TASK STATEMENT:
Exactly the line with "this 1333×2000 image." and the lines that follow it, through the closing line of the entries, should be restated, with nothing left out or added.

Source data:
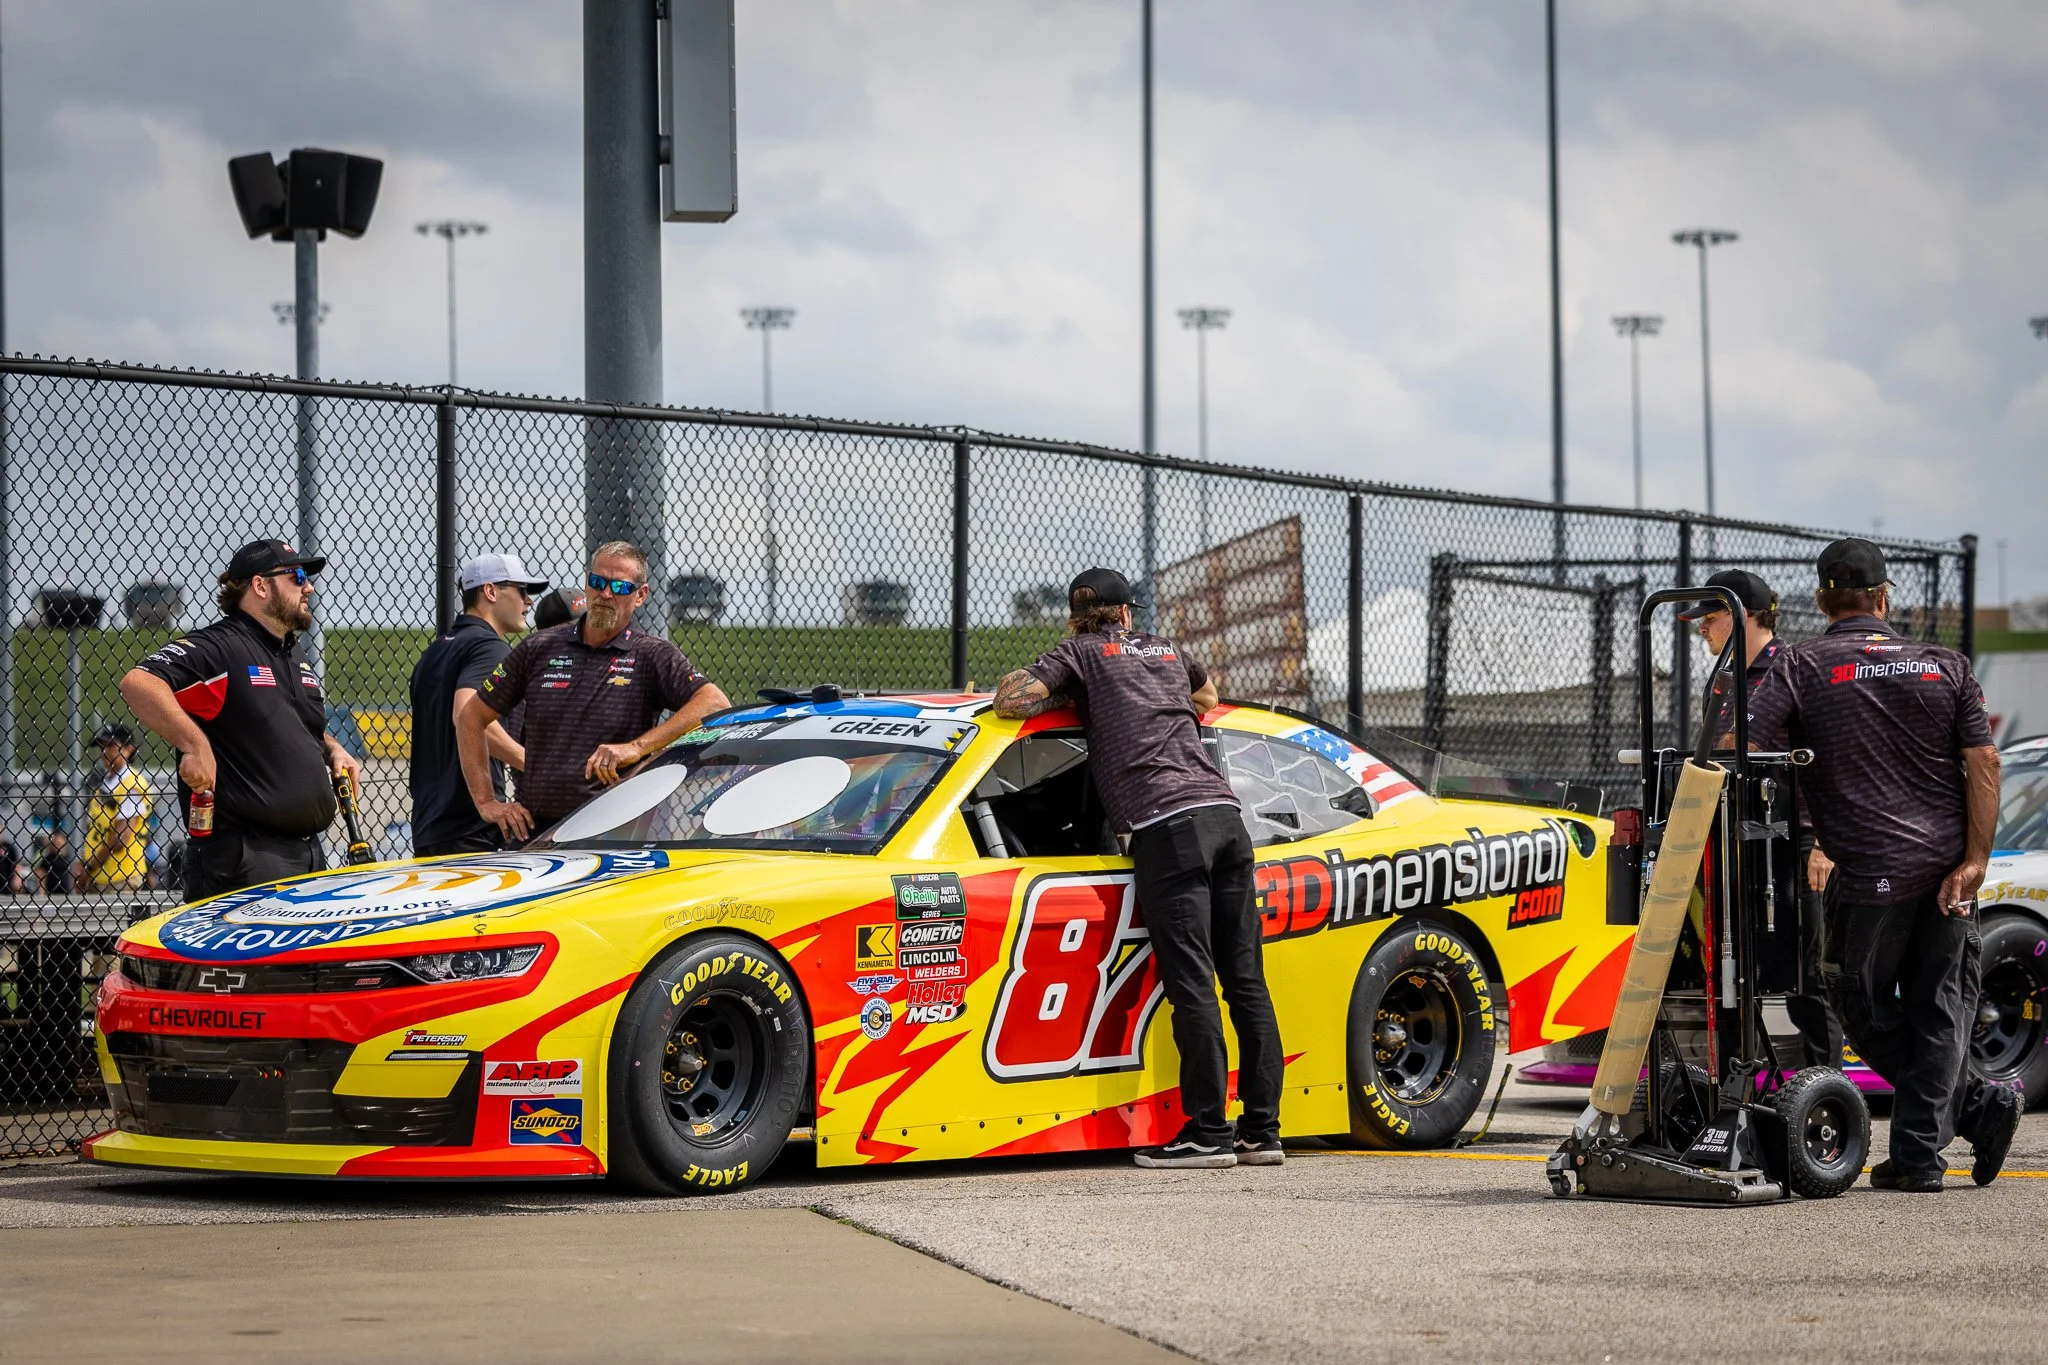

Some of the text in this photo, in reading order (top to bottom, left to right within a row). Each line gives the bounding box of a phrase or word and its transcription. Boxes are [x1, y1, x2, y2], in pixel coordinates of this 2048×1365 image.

[1831, 659, 1941, 685] 3Dimensional
[830, 721, 932, 738] GREEN
[1253, 818, 1569, 938] 3Dimensional
[902, 886, 938, 905] O'Reilly
[941, 886, 957, 895] AUTO
[940, 895, 961, 904] PARTS
[1510, 884, 1564, 924] .com
[922, 910, 941, 919] SERIES
[172, 920, 226, 949] SEAL
[901, 924, 963, 943] COMETIC
[857, 960, 894, 969] KENNAMETAL
[902, 951, 955, 965] LINCOLN
[857, 975, 894, 986] FIVE STAR
[915, 966, 961, 979] WELDERS
[985, 872, 1167, 1079] 87
[908, 981, 967, 1007] Holley
[864, 999, 889, 1013] CHAMPION
[150, 1008, 266, 1031] CHEVROLET
[905, 1004, 958, 1025] MSD
[411, 1034, 468, 1043] PETERSON
[863, 1024, 890, 1038] IRRIGATION
[487, 1060, 579, 1081] ARP
[548, 1079, 580, 1087] products
[1363, 1081, 1410, 1136] EAGLE
[515, 1116, 578, 1128] SUNOCO
[1702, 1128, 1730, 1144] 3 TON
[1691, 1144, 1729, 1153] DAYTONA
[682, 1160, 749, 1187] EAGLE
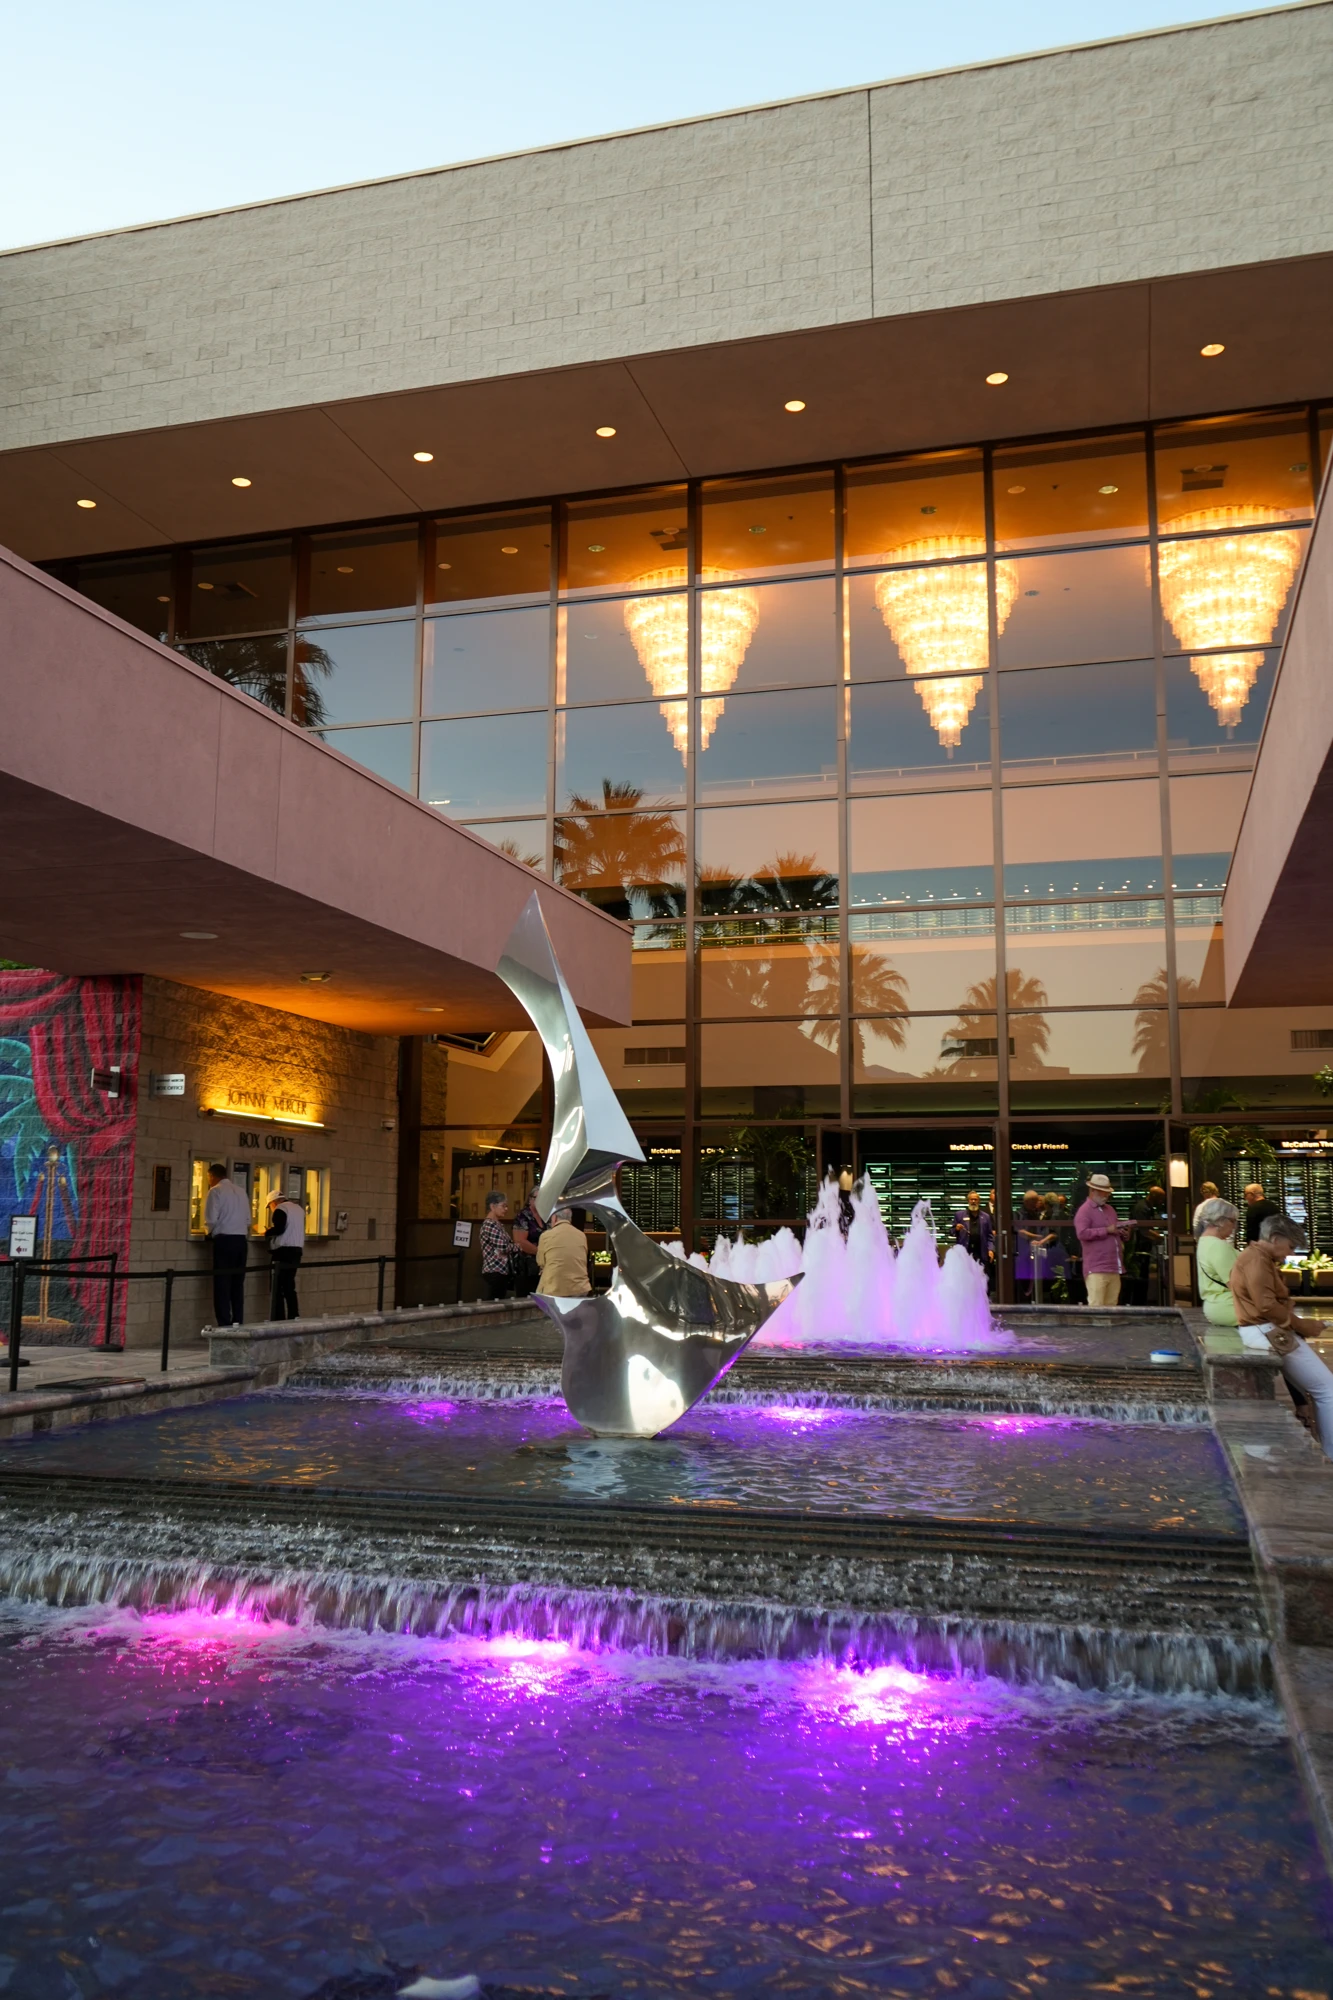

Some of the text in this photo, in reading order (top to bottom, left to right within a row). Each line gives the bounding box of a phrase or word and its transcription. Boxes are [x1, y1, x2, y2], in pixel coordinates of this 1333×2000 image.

[226, 1088, 307, 1115] JOHNNY MERCER
[239, 1131, 295, 1153] BOX OFFICE

YOUR RESPONSE:
Some of the text in this photo, in reading order (top to bottom, left to right within a row). Each line gives the bounding box of a phrase or word and its transcription. Boxes are [x1, y1, x2, y2], in pixel coordinates of this 1333×2000 image.

[226, 1088, 307, 1115] JOHNNY MERCER
[239, 1131, 295, 1153] BOX OFFICE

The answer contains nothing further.